_SUPPLIED DATA_
──────

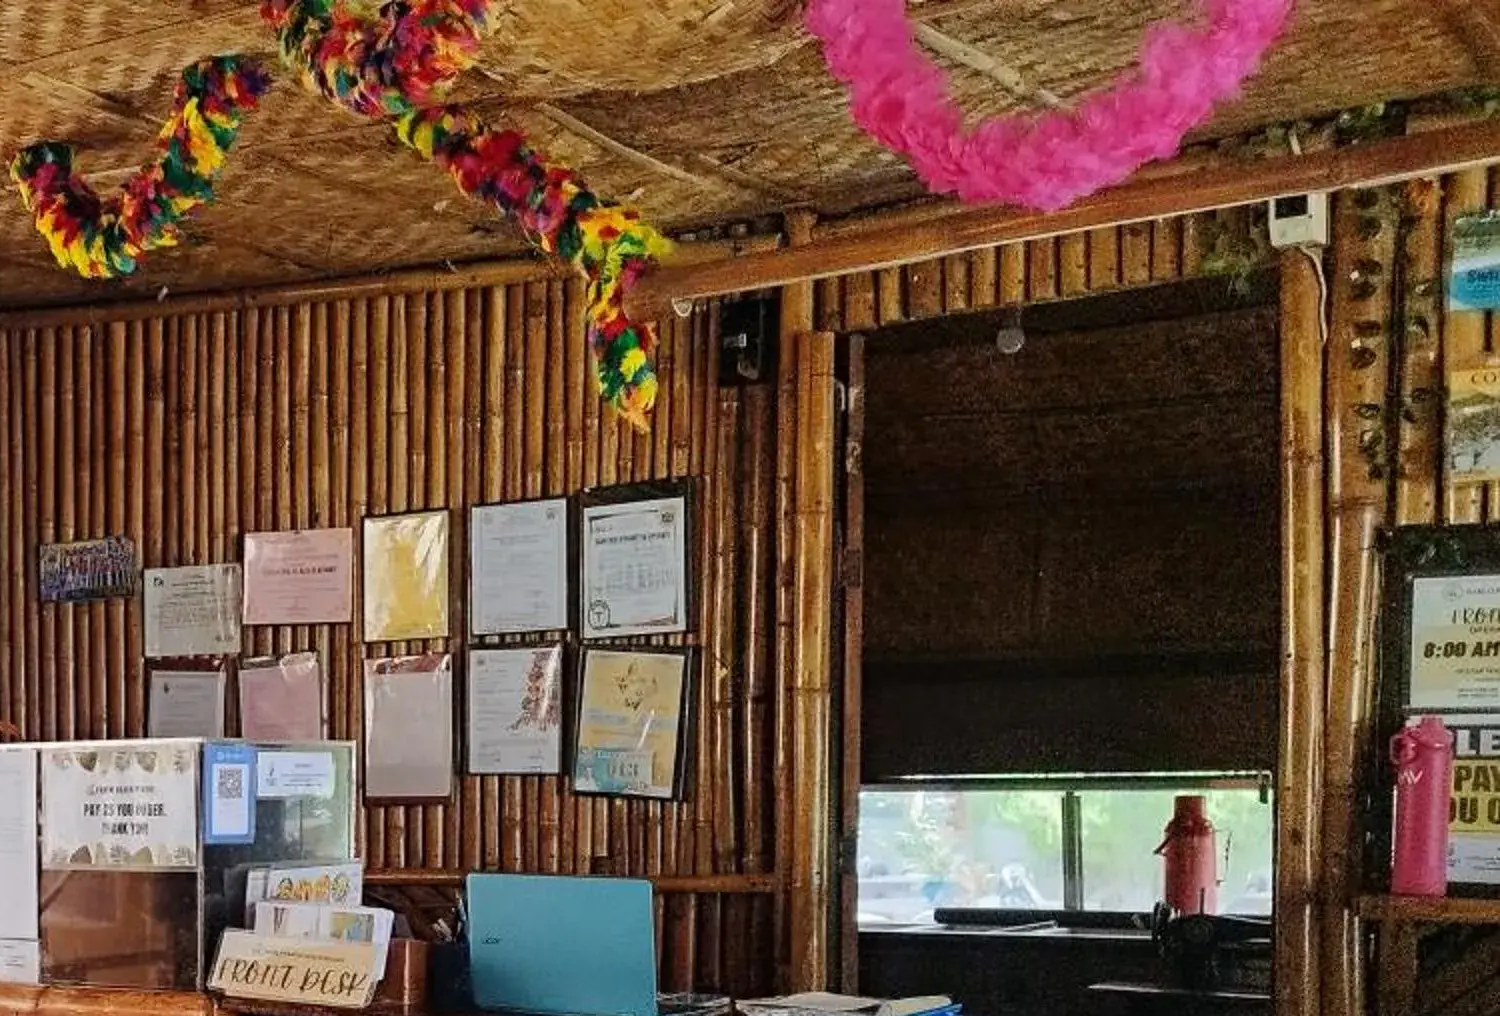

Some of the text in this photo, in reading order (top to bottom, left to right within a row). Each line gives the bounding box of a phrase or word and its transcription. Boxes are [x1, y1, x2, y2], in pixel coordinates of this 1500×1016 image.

[1423, 641, 1467, 659] 8:00
[1445, 728, 1500, 758] LE
[83, 803, 101, 817] PAY
[117, 803, 134, 817] YOU
[218, 959, 371, 997] FRONT DESK

──────

Everything above should be given again exactly, apart from the pictures.

_SOLUTION TO THE EXERCISE_
Some of the text in this photo, in reading order (top to bottom, left to right within a row). Each line gives the bounding box of a phrase or word and its transcription. Boxes are [x1, y1, x2, y2], in pixel coordinates of this 1500×1016 image.

[1423, 641, 1467, 659] 8:00
[1445, 728, 1500, 758] LE
[83, 803, 101, 817] PAY
[117, 803, 134, 817] YOU
[218, 959, 371, 997] FRONT DESK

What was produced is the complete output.